Abin e Procuradoria investigam infiltração militar na paralisação dos caminhoneiros

Abin e Procuradoria investigam infiltração militar na paralisação dos caminhoneiros

DCM

Reportagem de Allan de Abreu na revista Piauí aponta que a Agência Brasileira de Inteligência, a Abin, investiga a participação de integrantes das Forças Armadas e das Polícias Militares estaduais na greve dos caminhoneiros. O objetivo seria aproveitar o momento de extrema fragilidade política do governo Michel Temer para provocar uma intervenção militar no Brasil.
A Piauí ouviu três agentes da Abin na condição do anonimato que afirmaram que a presença de militares entre os caminhoneiros é possível. Um dos manifestantes foi assassinado na quarta-feira, 30 de maio, em Rondônia.

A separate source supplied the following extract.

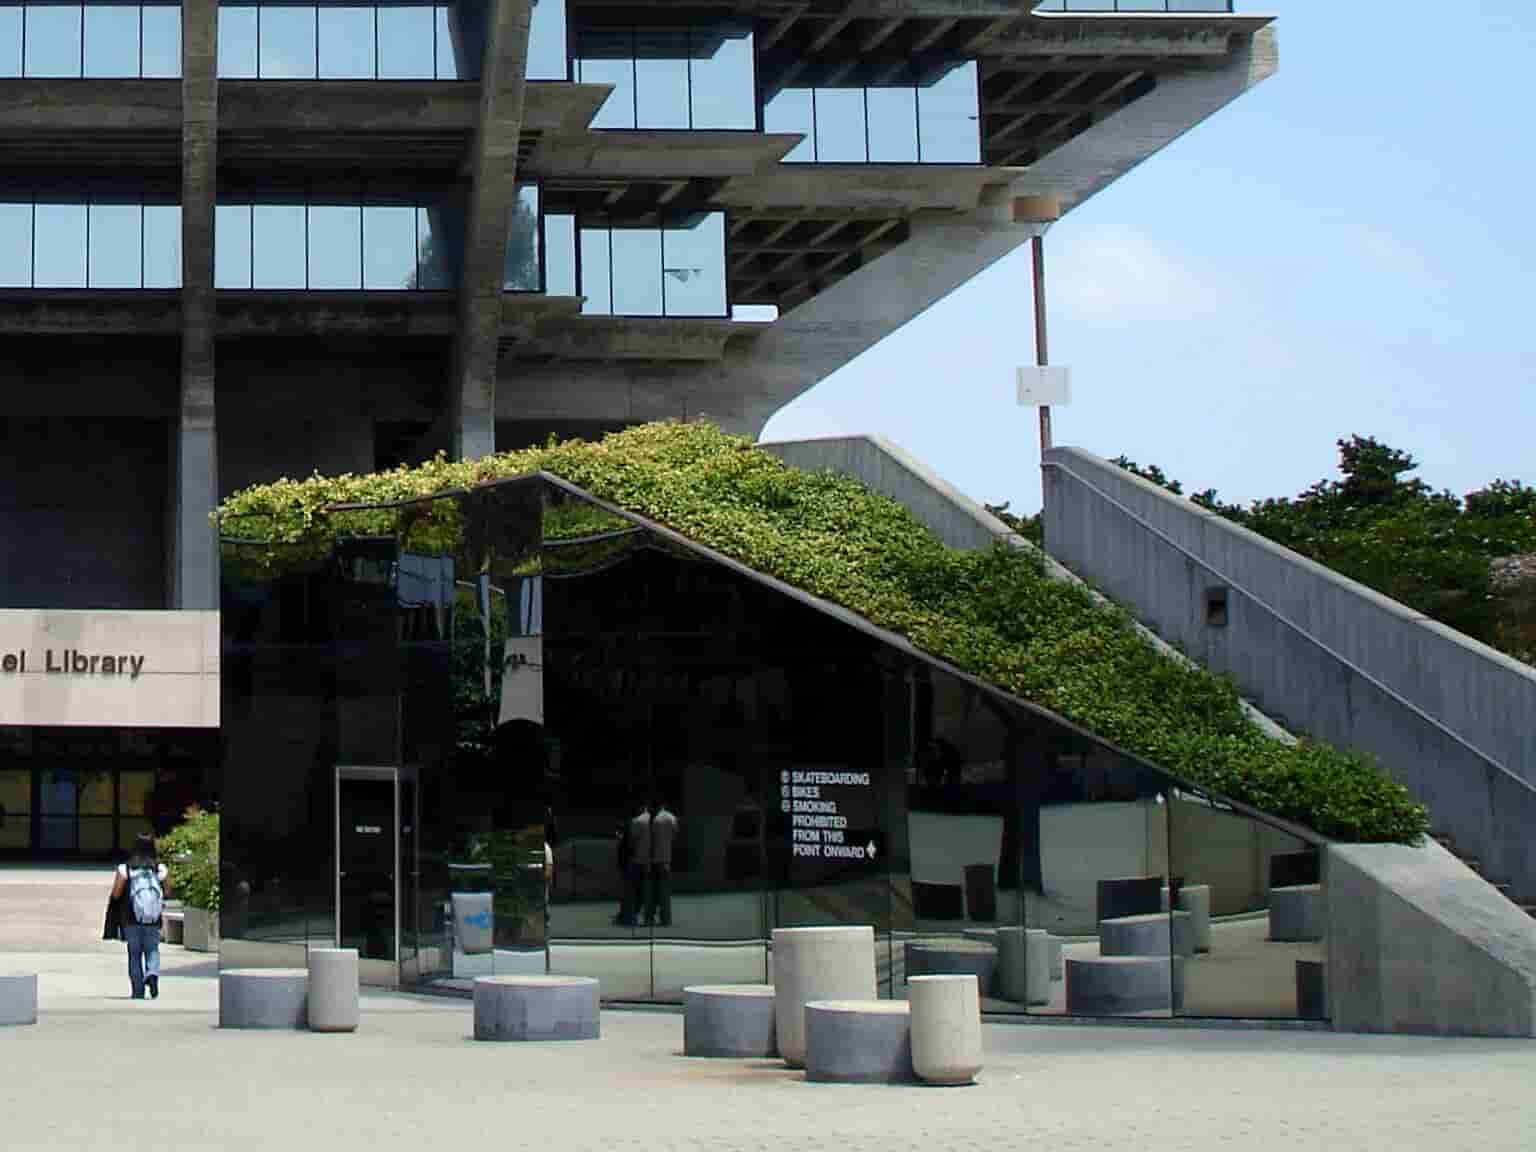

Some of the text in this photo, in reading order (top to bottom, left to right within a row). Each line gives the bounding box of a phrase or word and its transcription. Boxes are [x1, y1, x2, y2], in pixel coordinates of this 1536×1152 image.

Segundo a reportagem, a Abin estranha a falta de pulso da polícia nos mais de 500 pontos de bloqueio de caminhões que se formaram no Brasil nos dias de greve.
Os agentes comparam com a paralisação de 2015, que durou três dias e cessou com a repressão. Na época, não houve desabastecimento de combustíveis, alimentos e remédios, como desta vez.
Segundo a publicação, na quarta-feira (30), a Câmara Criminal da Procuradoria Geral da República instaurou procedimentos para investigar se empresários e sindicalistas violaram dois dispositivos previstos na Lei de Segurança Nacional. As medidas incluem tentar mudar o regime político do país com emprego de violência e “incitar a subversão da ordem política e a animosidade entre as Forças Armadas”.
De acordo como a Piauí, os crimes punidos com até 19 anos de prisão.